- Task to carry out: Each line below must be reproduced exactly as it stands. Pictures stay out of the copy.

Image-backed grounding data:
━━━━━━━━━━━━━━━━━━━━━━━━━━━━━━
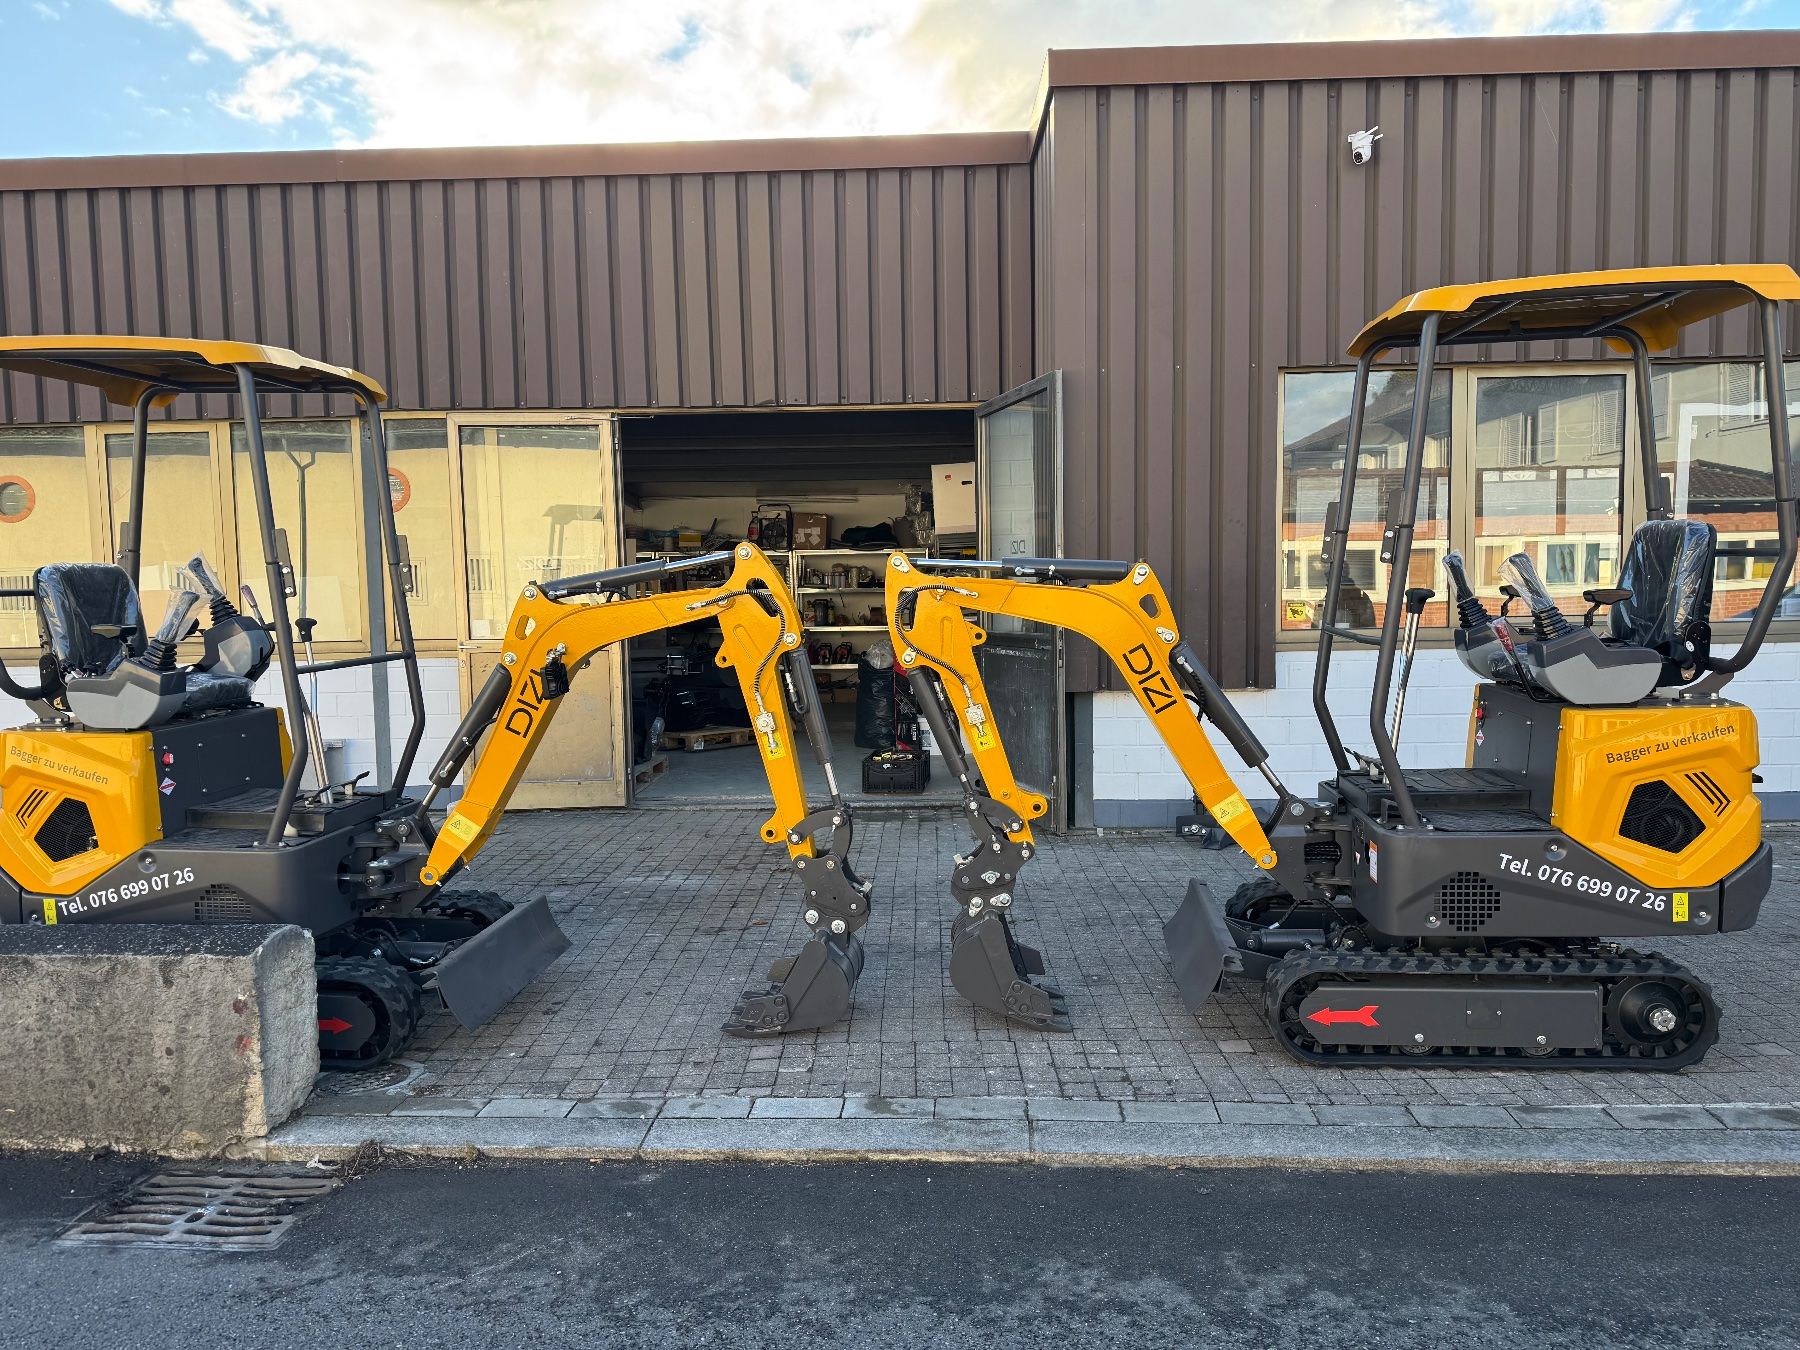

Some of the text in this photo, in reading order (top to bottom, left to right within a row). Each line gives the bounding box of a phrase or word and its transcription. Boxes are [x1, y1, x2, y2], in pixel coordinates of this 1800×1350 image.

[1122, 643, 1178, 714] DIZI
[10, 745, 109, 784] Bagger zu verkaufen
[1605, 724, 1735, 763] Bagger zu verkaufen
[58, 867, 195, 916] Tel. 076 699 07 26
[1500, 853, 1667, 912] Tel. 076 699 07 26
━━━━━━━━━━━━━━━━━━━━━━━━━━━━━━
- Response area:
Some of the text in this photo, in reading order (top to bottom, left to right within a row). Each line gives the bounding box of a phrase or word and its transcription. Boxes are [x1, y1, x2, y2], in pixel coordinates of this 1800×1350 image.

[1122, 643, 1178, 714] DIZI
[10, 745, 109, 784] Bagger zu verkaufen
[1605, 724, 1735, 763] Bagger zu verkaufen
[58, 867, 195, 916] Tel. 076 699 07 26
[1500, 853, 1667, 912] Tel. 076 699 07 26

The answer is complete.